The next morning, I called my endocrinologist’s office because I needed to address the silencing. I needed to say silencing is an unacceptable communication tactic, as far as I’m concerned. I needed to know it wouldn’t happen again.

So I said I felt frustrated by my appointment. I said I felt disrespected by my doctor. I said my previous experiences with him had been positive, and that his behavior seemed out-of-character. I asked for assurance that I could trust him to be attentive and respectful at future appointments. The woman with whom I spoke said she would pass this information along to the office manager, who would call me back.

I’m still waiting for that call back.

I guess I shouldn’t be surprised by further silence, but I am.
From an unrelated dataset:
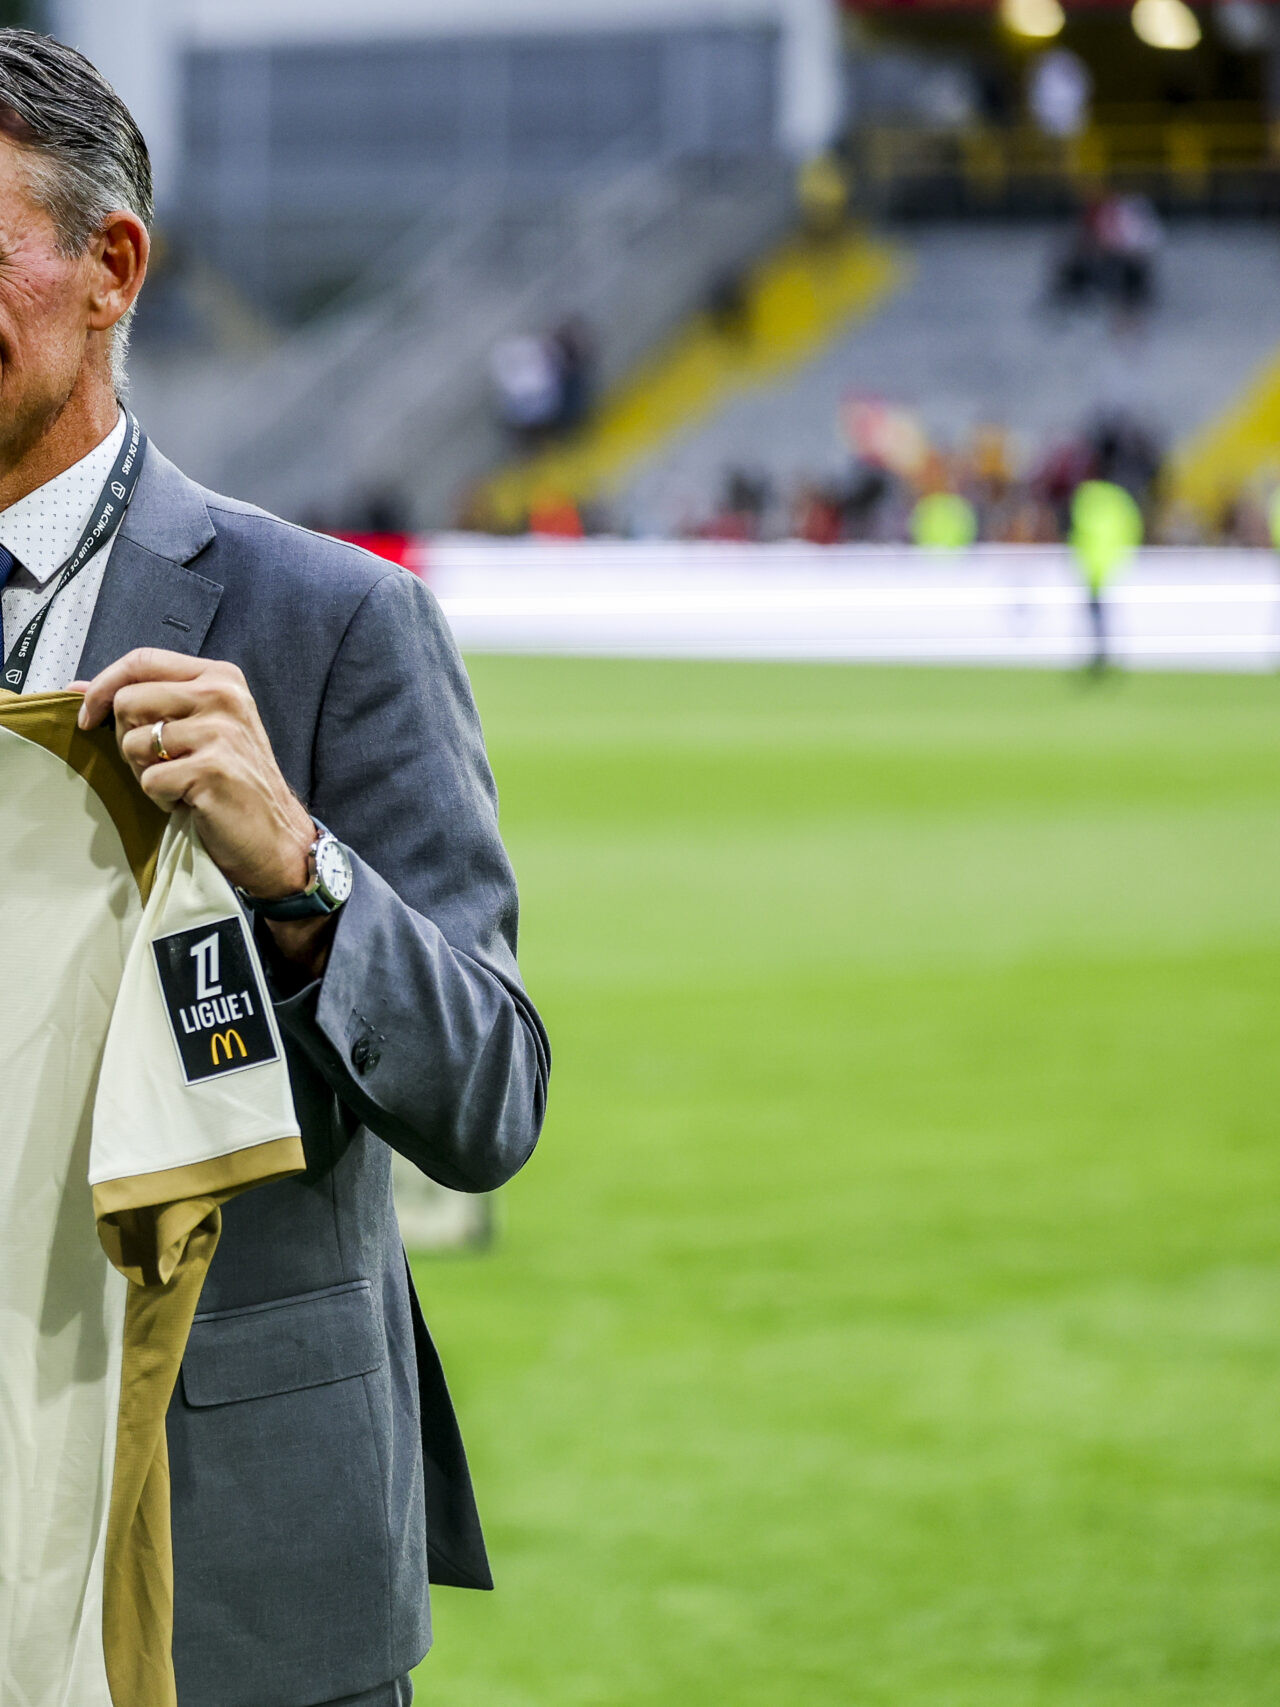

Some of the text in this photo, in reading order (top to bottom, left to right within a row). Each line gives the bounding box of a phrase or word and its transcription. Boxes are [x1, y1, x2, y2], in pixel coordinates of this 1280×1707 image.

[121, 454, 134, 475] LENS
[92, 502, 114, 538] RACING
[78, 536, 95, 559] CLUB
[18, 637, 31, 658] LENS
I’m surprised because I tend to expect the best in people. I’m disappointed, too. I’m also angry.

Even as I write this, I feel my heart clenching, my throat tightening. I want to scream, just so I will be listened to. Just so I will be heard. That was all I wanted from my endocrinologist that morning. A little understanding.

But I also know I’m extraordinarily lucky. Because I had a mother who taught me my voice mattered. She taught me to be skeptical of physicians, to do my own research, to ask my questions, and to fight for respect if it was denied.
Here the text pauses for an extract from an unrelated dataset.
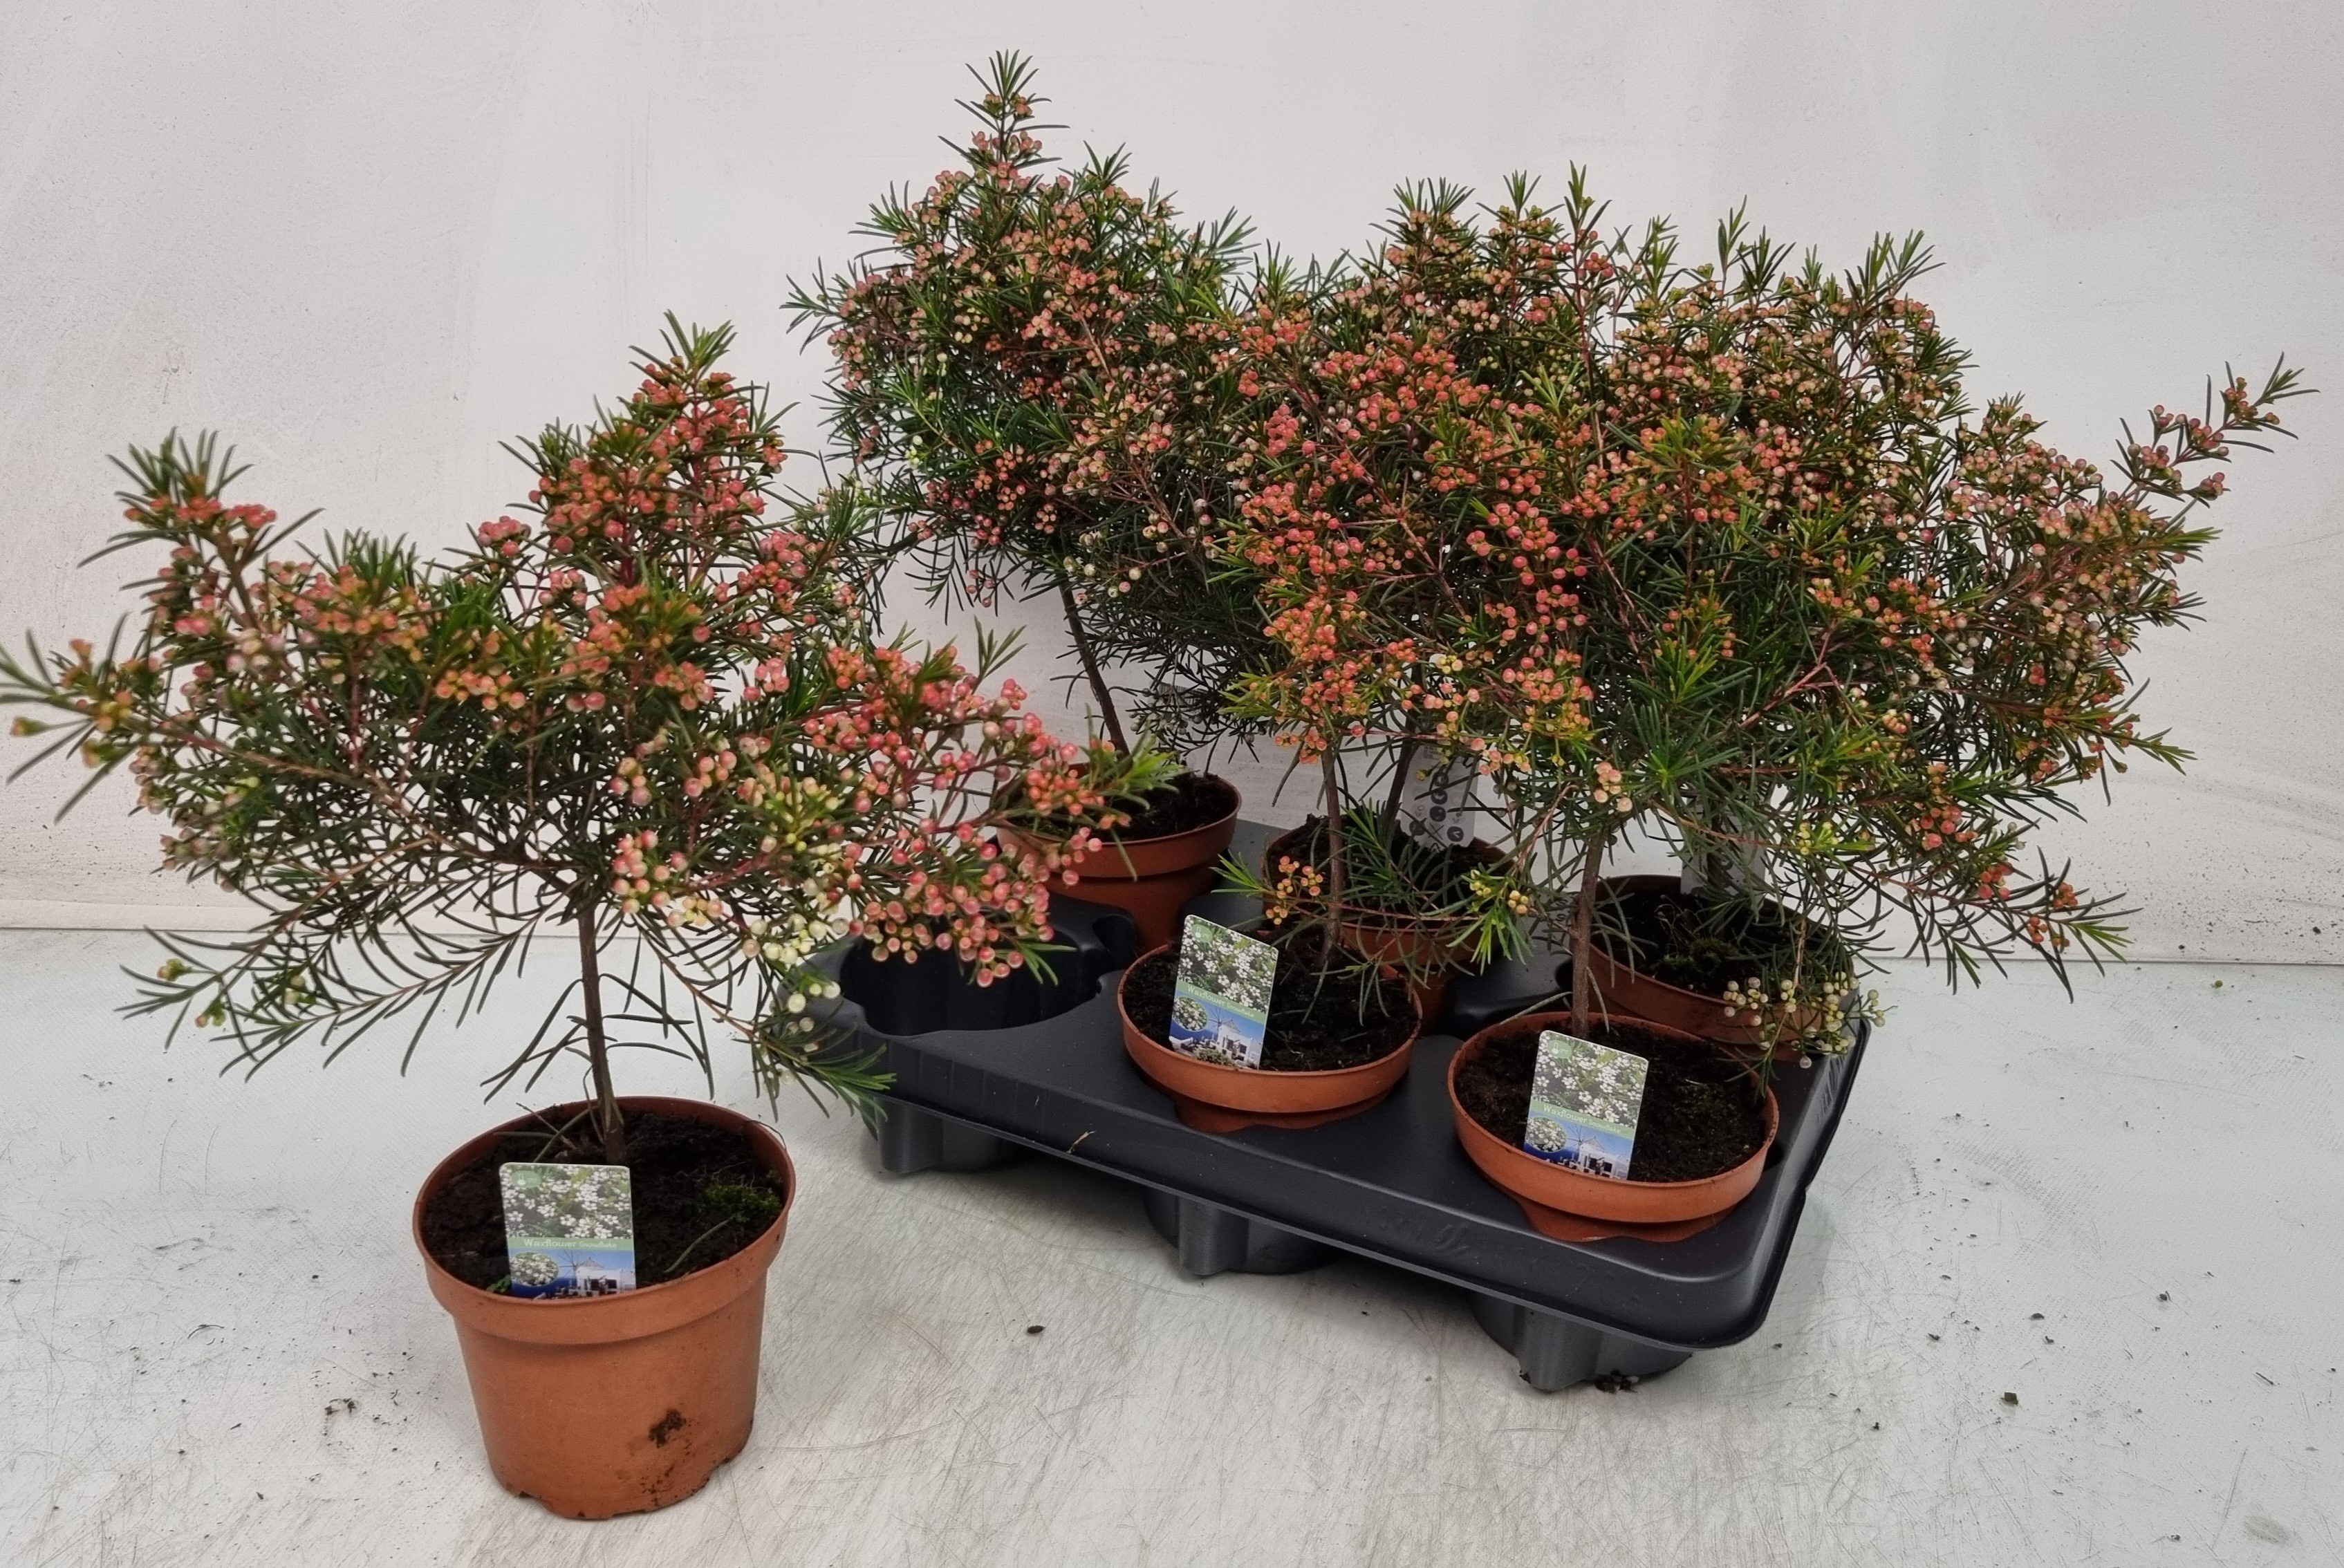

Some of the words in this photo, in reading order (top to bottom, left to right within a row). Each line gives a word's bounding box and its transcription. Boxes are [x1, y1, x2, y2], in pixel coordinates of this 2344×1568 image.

[1187, 984, 1226, 1007] Waxflower
[1543, 1103, 1588, 1123] Waxflower
[1588, 1119, 1621, 1134] Snowflake
[523, 1238, 577, 1249] Waxflower
My mother became a patient advocate after her experimental organ transplant in 1994, at a time when the field was still relatively new. Her own experiences taught her that advocacy is what all patients need in a healthcare system that, at its most broken, can be deeply dehumanizing, especially to women.

The worst part of navigating an autoimmune disease isn’t doctors who behave badly. It’s not having my mother beside me. It’s having to go alone to doctor’s appointments when I feel anxious and scared.

But the best part is learning to see myself as powerful, even in situations when a doctor’s behaviors intend to deny me power. My mother taught me to get back up when I felt knocked down, to keep going. She taught me I deserved kindness and respect. She taught me not to accept anything less, especially from men.

I don’t know if I’ll continue seeing this endocrinologist. There are many, many endocrinologists in the sea, and I’m resolved to find one who can handle a patient like me, a patient who does her own research and who speaks for herself. That’s the only kind of doctor who deserves my money, trust, and time.

Last week, I went to my first appointment with a functional medicine physician. We sipped tea in his office, and he listened. He showed me a chart with all possible medications and their ingredients. He ordered much more detailed tests than my endocrinologist has ever asked for. He told me he has “a passion” for Hashimoto’s because his wife and daughters have the same disease.

I felt comfortable telling him how I dreamed of my mother the night before our appointment. I shared that, in my dream, my mother was on the phone with my endocrinologist. She was shouting at him to order a very specific endocrine test, unrelated to thyroid disorders. I told him the test she requested was now on his new lab order. He just smiled.

I don’t know what will happen next, or what my future tests will reveal. But for the first time in a year, I am not afraid of the unknown. I feel understood. I feel heard. I feel safe.